How to Host a Last-Minute Dinner Party

Do you want to be the kind of person who throws spur-of-the-moment dinner parties that are totally fabulous? We’ll let you in on a few little secrets to pulling it off.

Who are these fabulous people who entertain their friends over a casual dinner on a Wednesday night, all without weeks of stressing and prepping? Julia Sullivan, chef-owner of oyster bar Henrietta Red, one of Nashville’s standout restaurants at the moment, is certainly one of them. “I’ll usually shoot off texts or emails a couple days beforehand,” says Sullivan. “Come over. The more the merrier.”

Does it seem a little bit unnerving to have guests come over without a real plan in place? Do you literally want to know how she does it? And how you can do it, even if you’re not a chef with a hip restaurant in Nashville? We asked, and Sullivan dished up a handful of pro tips for hosting a I-feel-like-having-people-over-tonight-so-why-not dinner party.

Always Be Prepared

The grocery store trip ahead of a dinner partycan itself be intimidating, especially if you don’t have a lot of spare time. That’s why Sullivan is always stocking up on the building blocks of cooking a solid dinner. “Having a good pantryin place is very strategic,” she says. “You should always have these things on hand: olive oil; chicken stock; a tomato product, either paste or canned.”

Non- and semi-perishables are also key: tinned fish (check out these sardine snack recipes for inspiration), nice cheeses, olives, and crackers, for example, are easy to put out. We’d also add jams, preserves, and fancy condiments to that list; with a little cheese, they can do a lot to dress up simple toast. And pasta; with tinned sardines, capers, tomatoes, olives, and a few other pantry items, it can be a great last-minute meal.

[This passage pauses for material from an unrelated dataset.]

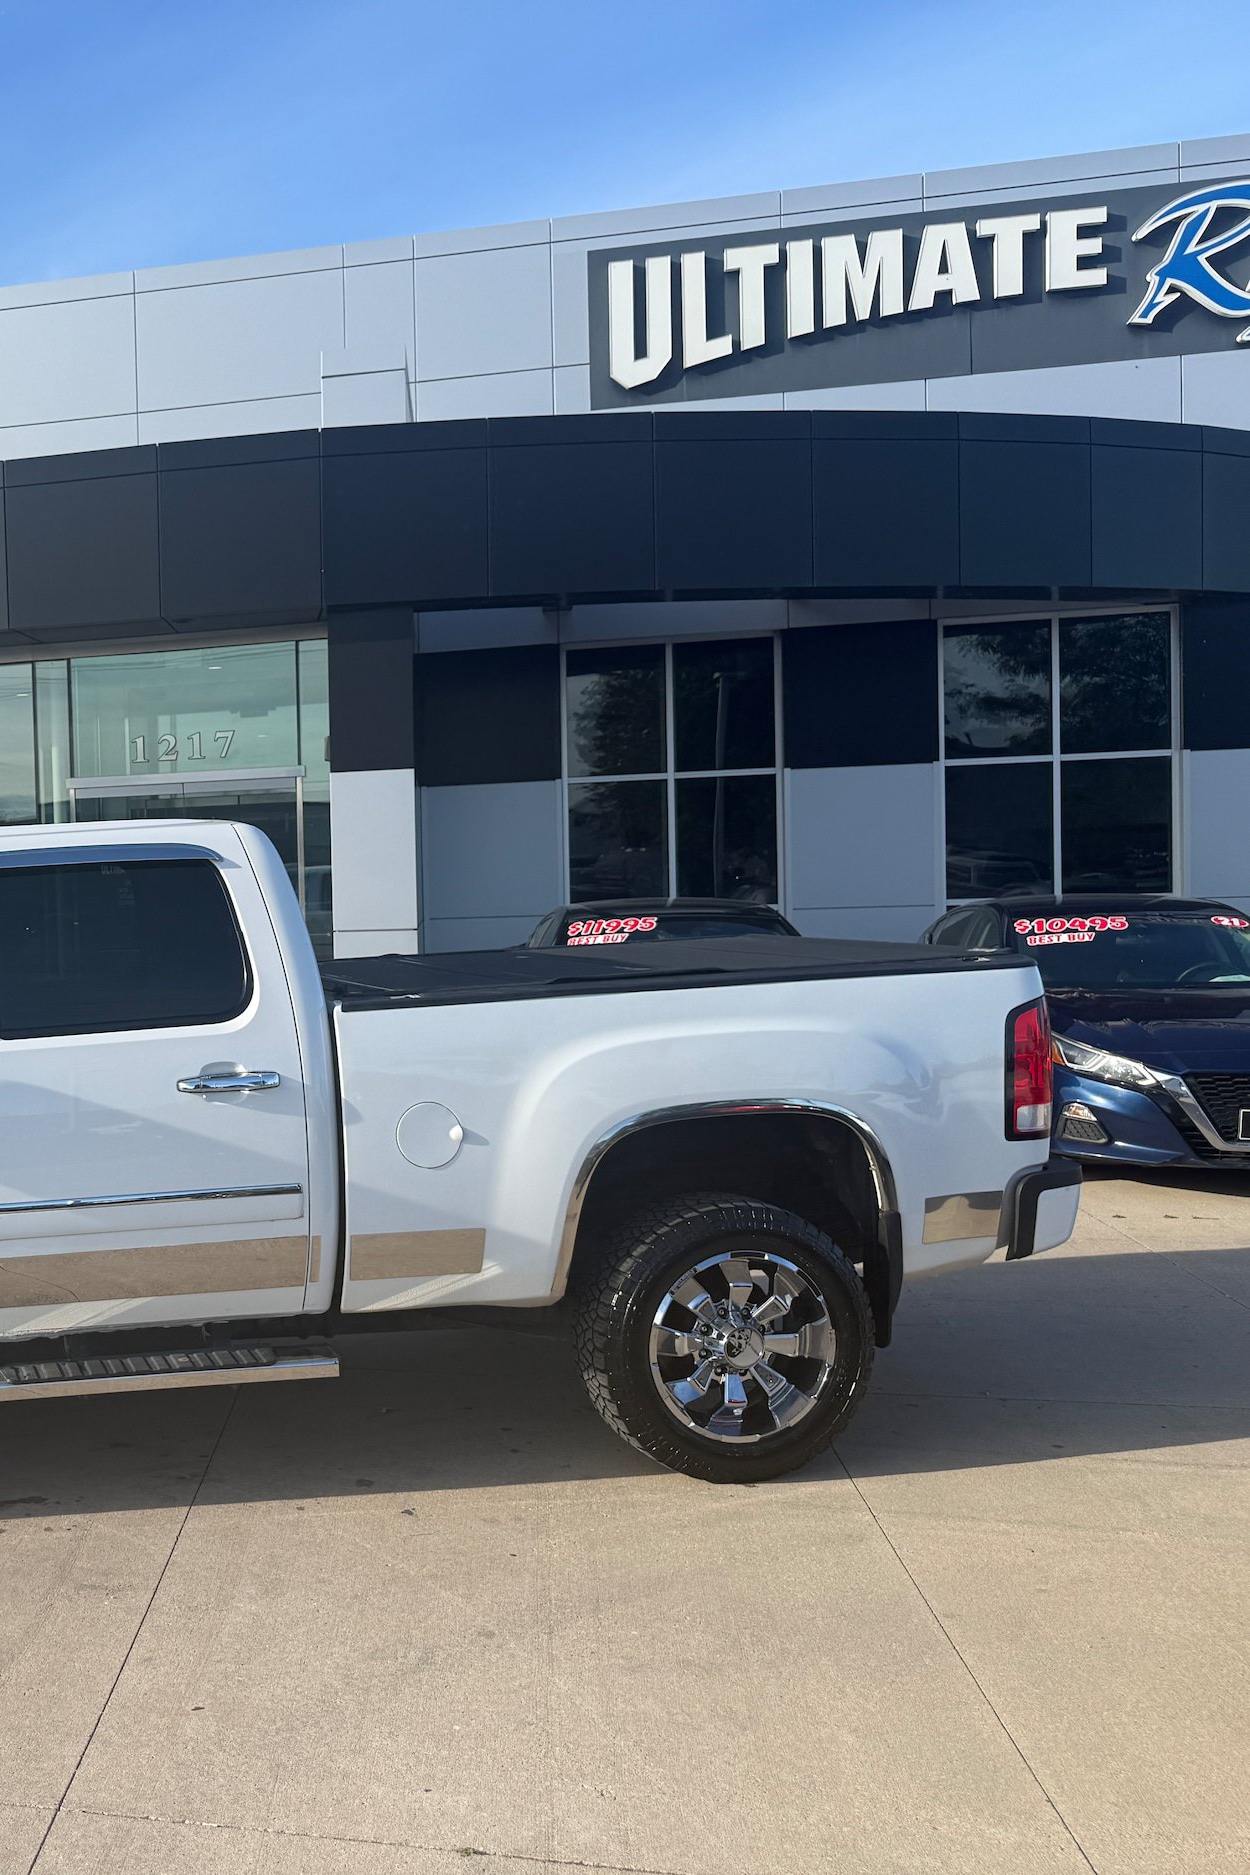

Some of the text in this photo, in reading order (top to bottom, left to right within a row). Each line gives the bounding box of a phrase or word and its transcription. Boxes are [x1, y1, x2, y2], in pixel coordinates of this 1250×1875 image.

Also, don’t forget the beverages. “Around the holidays, every time I go to the store, I pick up at least one of the usual suspects—seltzer water, tonic, a mixer, maybe a handle of something.” Not a bad habit to get into all year round, either.

Read More: How to Stock a Low-Alcohol Home Bar Cart

Cook a One-Pot Meal

Don’t try to produce a multi-course meal. Instead, go with something that all ends up in the same pot.  “With a soup, you can streamline,” says Sullivan. “It’s just one dish—one timeline—to think about.” Soups generally do not involve a lot of prep work; plus, they’re easy to build around. Add a salad and boom! You have a meal. “If you buy really nice protein, you know, that can get more expensive,” adds Sullivan. “But stew meat is lighter on a budget, and it satisfies an appetite.”

Delegate This and That

Pot-luck is great. Everyone knows this. But your friends can be counted on beyond prepping dishes, especially if you’re hosting last minute. “Someone can bring flowers or put together a playlist if that’s their talent,” says Sullivan. Put any former Boy or Girl Scouts on fireplace (or firepit) duty. “Wood!” adds Sullivan. “That’s another thing to keep around.” (Or ask friends to bring over with them.)

Order Dessert In

There are countless simple desserts that do not require hours in the kitchen nor specialty pans or bakeware. Think custards and meringues, Sullivan suggests. “But hey, don’t forget to check if you can order dessert for pickup. You can do that from most of your favorite spots through apps these days. You could even have it delivered.”

Reward Helping Hands With A Nightcap

Sullivan never asks—and doesn’t expect—guests to pitch in with the cleanup, but actually, it can be a nice communal moment for everyone. Someone corrals the glasses; someone loads the dishwasher (or washes and/or dries by hand). “It can be the natural wind down. Then you have a nightcap—and then you wake up without a huge mess hanging over your head!”